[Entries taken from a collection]
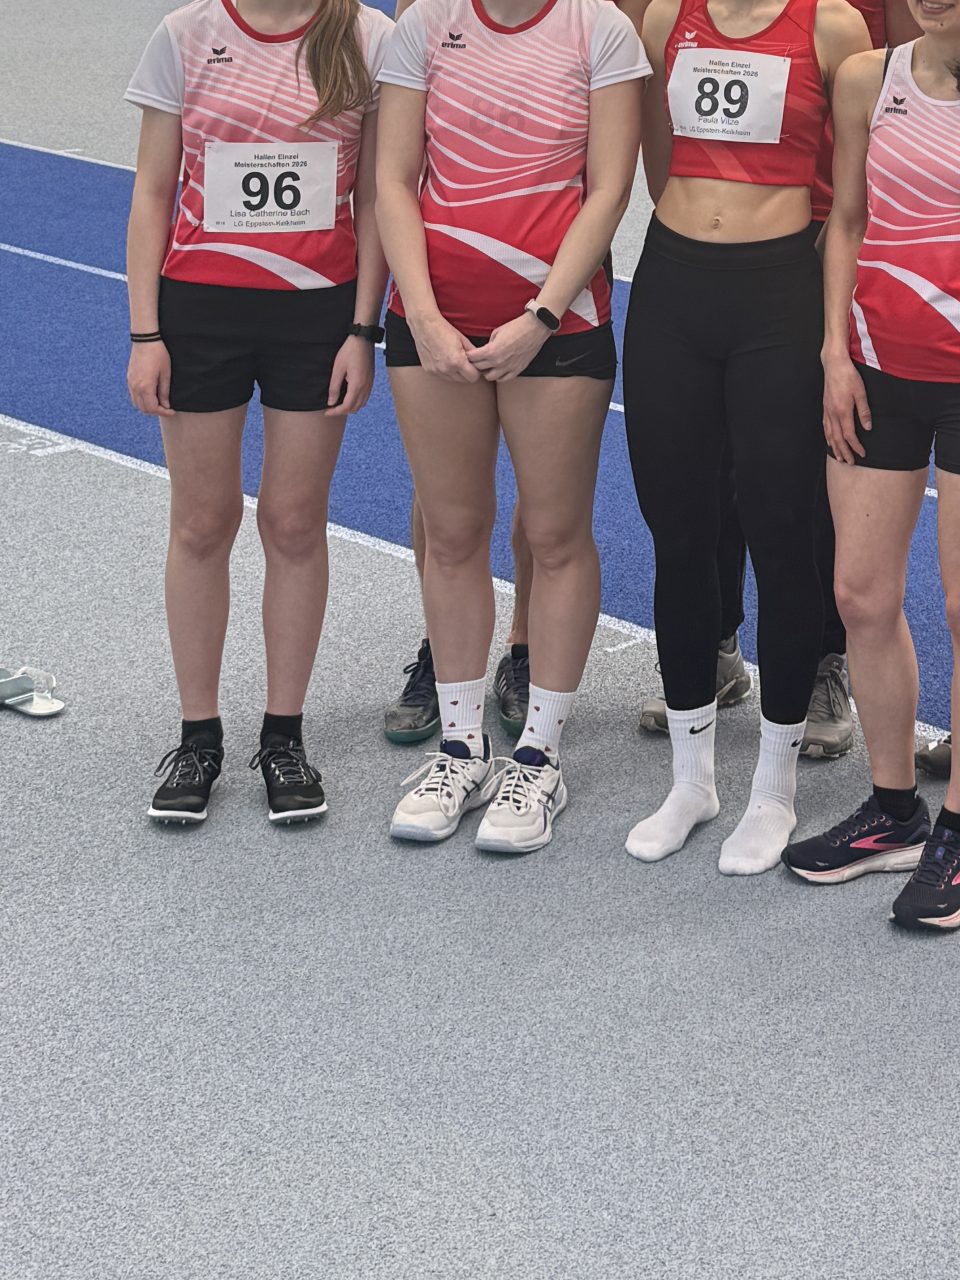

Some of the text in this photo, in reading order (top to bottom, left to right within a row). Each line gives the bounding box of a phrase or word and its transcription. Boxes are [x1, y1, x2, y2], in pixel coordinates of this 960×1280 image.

[207, 56, 233, 64] erima
[694, 77, 748, 118] 89
[242, 171, 301, 210] 96
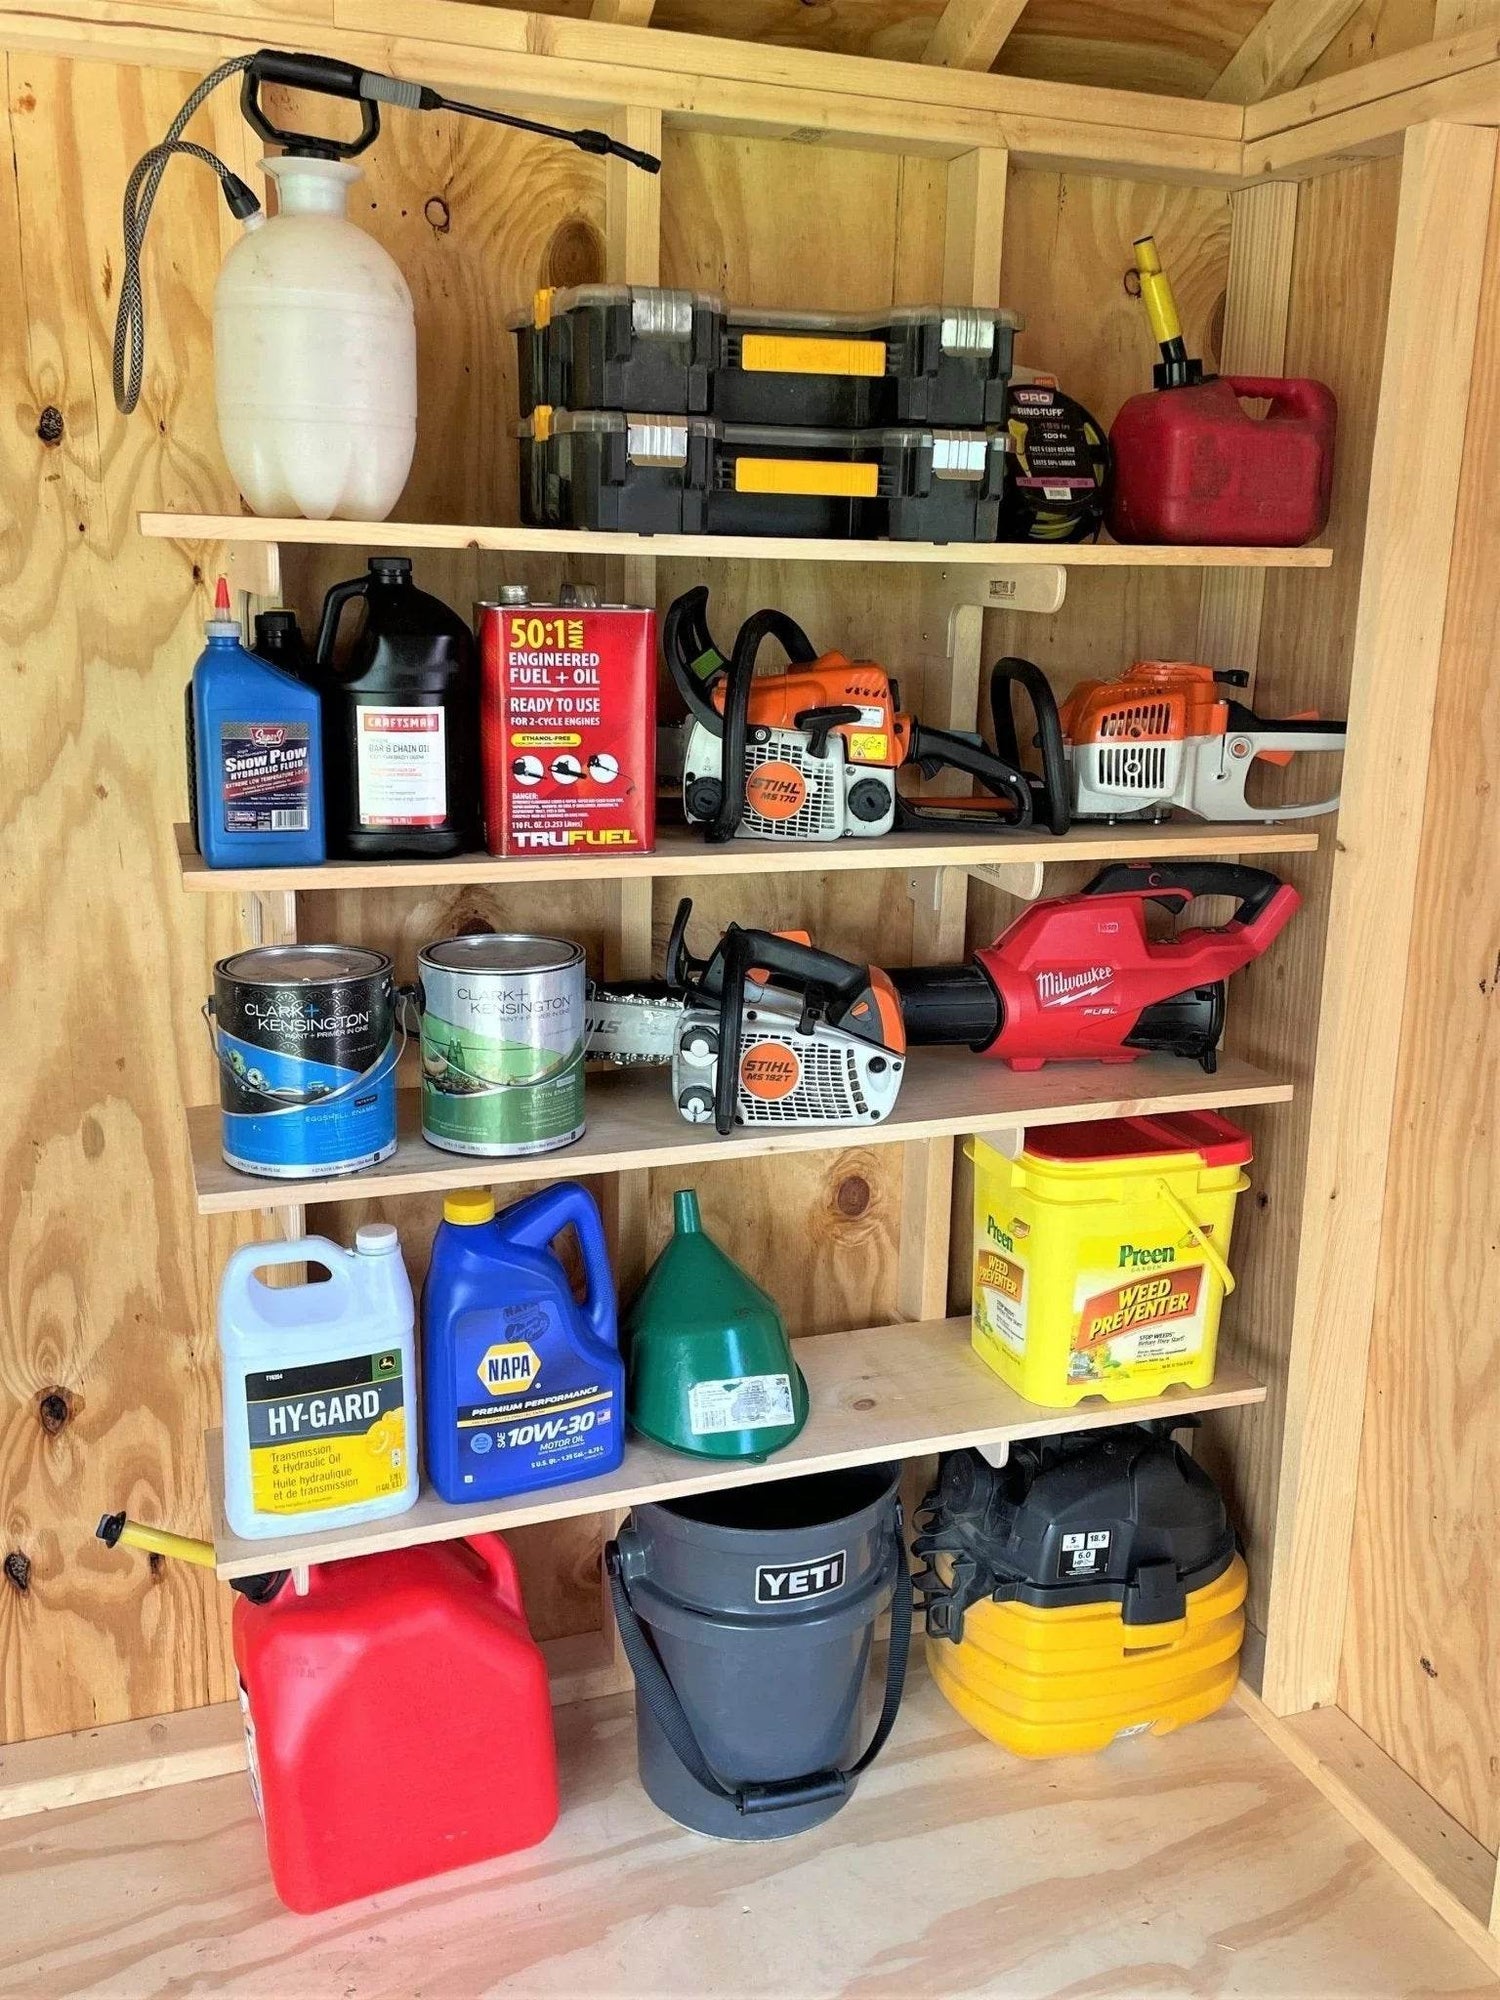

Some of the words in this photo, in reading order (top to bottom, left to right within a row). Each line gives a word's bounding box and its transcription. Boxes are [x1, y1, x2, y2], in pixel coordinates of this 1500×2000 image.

[1020, 393, 1050, 402] PRO
[510, 618, 565, 649] 50:1
[567, 620, 584, 649] MIX
[508, 652, 600, 666] ENGINEERED
[509, 667, 551, 684] FUEL
[555, 671, 569, 684] +
[573, 669, 600, 684] OIL
[510, 697, 554, 712] READY
[556, 698, 573, 712] TO
[576, 698, 600, 712] USE
[367, 717, 434, 729] CRAFTSMAN
[510, 717, 528, 725] FOR
[529, 717, 563, 726] 2-CYCLE
[564, 717, 600, 726] ENGINES
[393, 744, 417, 753] CHAIN
[230, 765, 279, 780] HYDRAULIC
[280, 760, 304, 771] FLUID
[750, 777, 801, 794] STIHL
[511, 829, 639, 848] TRUFUEL
[1036, 966, 1114, 1001] Milwaukee
[257, 1011, 369, 1032] KENSINGTON
[316, 1029, 346, 1038] PRIMER
[354, 1024, 369, 1033] ONE
[744, 1060, 793, 1073] STIHL
[746, 1073, 764, 1081] MS
[987, 1214, 1014, 1253] Preen
[988, 1255, 1009, 1277] WEED
[1118, 1244, 1175, 1268] Preen
[1118, 1279, 1171, 1311] WEED
[1089, 1292, 1190, 1342] PREVENTER
[488, 1355, 531, 1382] NAPA
[471, 1404, 523, 1417] PREMIUM
[524, 1385, 599, 1409] PERFORMANCE
[268, 1389, 380, 1436] HY-GARD
[507, 1410, 596, 1447] 10W-30
[271, 1445, 331, 1462] Transmission
[540, 1438, 571, 1451] MOTOR
[572, 1435, 585, 1444] OIL
[272, 1464, 280, 1474] &
[283, 1456, 326, 1474] Hydraulic
[328, 1453, 341, 1464] Oil
[273, 1477, 297, 1489] Huile
[299, 1467, 352, 1487] hydraulique
[273, 1491, 283, 1501] et
[286, 1488, 298, 1499] de
[301, 1478, 358, 1497] transmission
[1090, 1534, 1106, 1542] 18.9
[763, 1560, 839, 1596] YETI
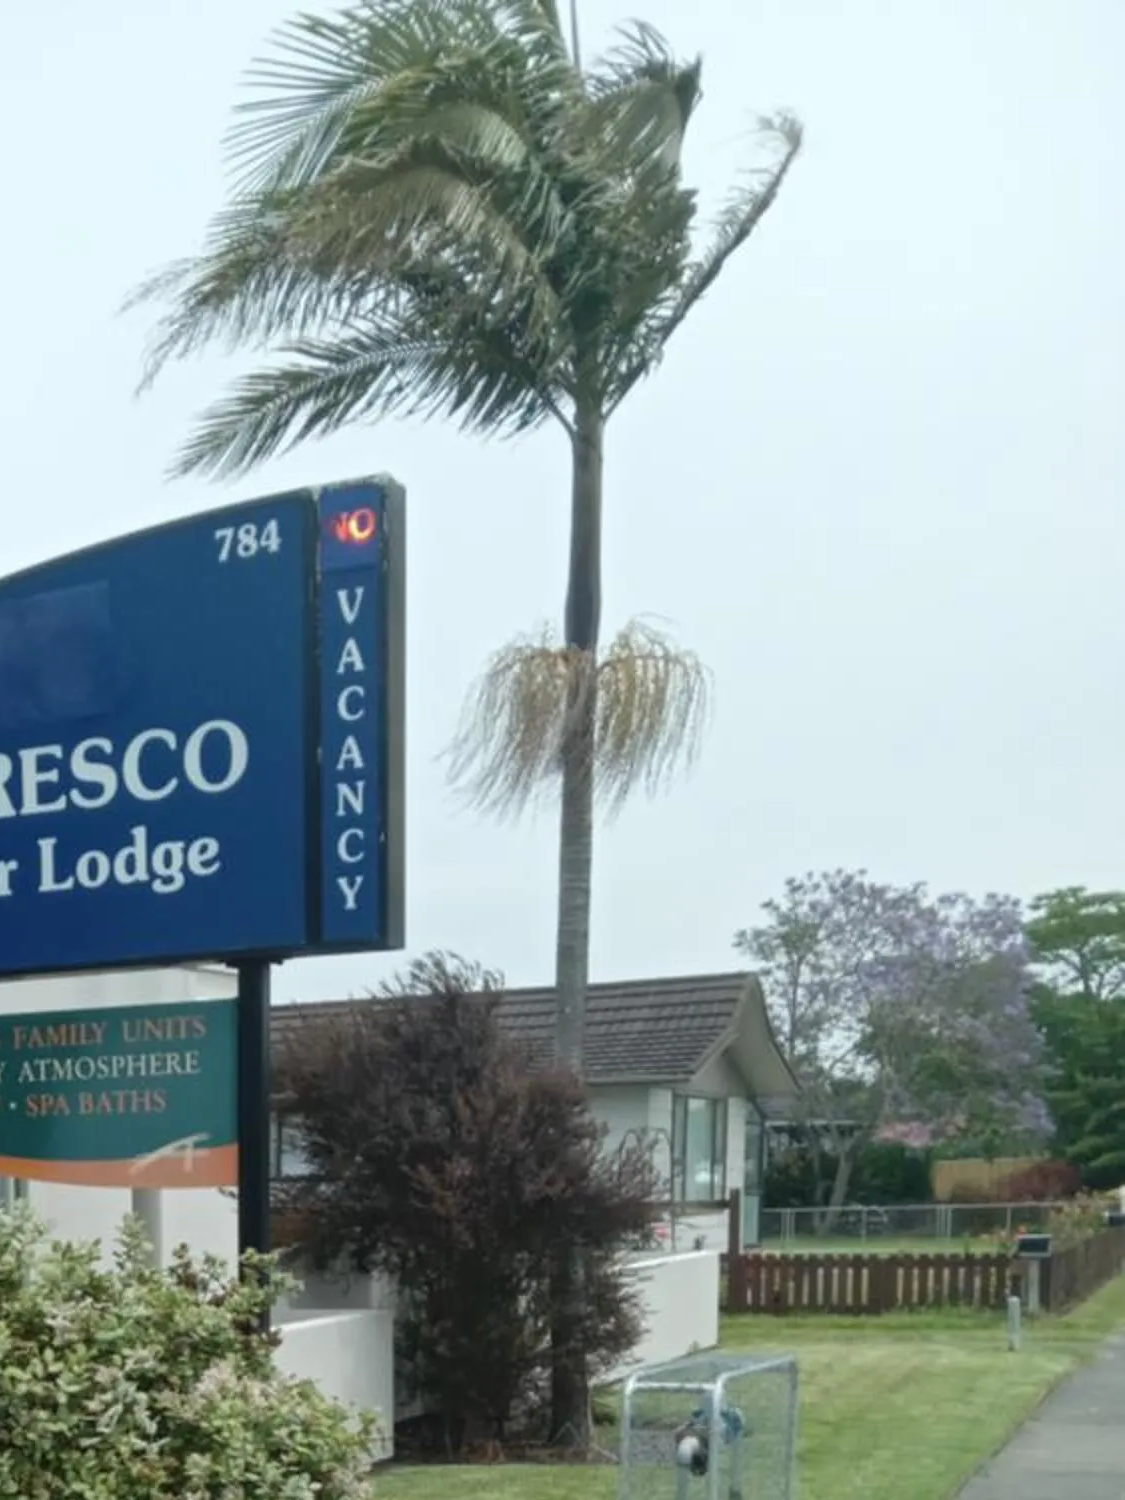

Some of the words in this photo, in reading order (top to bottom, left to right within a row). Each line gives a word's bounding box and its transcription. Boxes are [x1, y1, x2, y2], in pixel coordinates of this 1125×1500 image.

- **Work order**
Exclude the pictures and print the rest of the data exactly.

- **Answer to the problem**
Some of the text in this photo, in reading order (top to bottom, left to right within a row). Each line gives the bounding box of a phrase or word and its transcription. Boxes are [x1, y1, x2, y2], in pixel coordinates of this 960×1280 image.

[207, 56, 233, 64] erima
[694, 77, 748, 118] 89
[242, 171, 301, 210] 96

Some of the words in this photo, in reading order (top to bottom, left to right within a row). Each line gives a word's bounding box and its transcription. Boxes are [x1, y1, x2, y2], in pixel coordinates of this 1500×2000 image.

[1020, 393, 1050, 402] PRO
[510, 618, 565, 649] 50:1
[567, 620, 584, 649] MIX
[508, 652, 600, 666] ENGINEERED
[509, 667, 551, 684] FUEL
[555, 671, 569, 684] +
[573, 669, 600, 684] OIL
[510, 697, 554, 712] READY
[556, 698, 573, 712] TO
[576, 698, 600, 712] USE
[367, 717, 434, 729] CRAFTSMAN
[510, 717, 528, 725] FOR
[529, 717, 563, 726] 2-CYCLE
[564, 717, 600, 726] ENGINES
[393, 744, 417, 753] CHAIN
[230, 765, 279, 780] HYDRAULIC
[280, 760, 304, 771] FLUID
[750, 777, 801, 794] STIHL
[511, 829, 639, 848] TRUFUEL
[1036, 966, 1114, 1001] Milwaukee
[257, 1011, 369, 1032] KENSINGTON
[316, 1029, 346, 1038] PRIMER
[354, 1024, 369, 1033] ONE
[744, 1060, 793, 1073] STIHL
[746, 1073, 764, 1081] MS
[987, 1214, 1014, 1253] Preen
[988, 1255, 1009, 1277] WEED
[1118, 1244, 1175, 1268] Preen
[1118, 1279, 1171, 1311] WEED
[1089, 1292, 1190, 1342] PREVENTER
[488, 1355, 531, 1382] NAPA
[471, 1404, 523, 1417] PREMIUM
[524, 1385, 599, 1409] PERFORMANCE
[268, 1389, 380, 1436] HY-GARD
[507, 1410, 596, 1447] 10W-30
[271, 1445, 331, 1462] Transmission
[540, 1438, 571, 1451] MOTOR
[572, 1435, 585, 1444] OIL
[272, 1464, 280, 1474] &
[283, 1456, 326, 1474] Hydraulic
[328, 1453, 341, 1464] Oil
[273, 1477, 297, 1489] Huile
[299, 1467, 352, 1487] hydraulique
[273, 1491, 283, 1501] et
[286, 1488, 298, 1499] de
[301, 1478, 358, 1497] transmission
[1090, 1534, 1106, 1542] 18.9
[763, 1560, 839, 1596] YETI

Some of the words in this photo, in reading order (top to bottom, left to right within a row). Each line gives a word's bounding box and its transcription. Boxes are [x1, y1, x2, y2], in pixel coordinates of this 1125×1500 image.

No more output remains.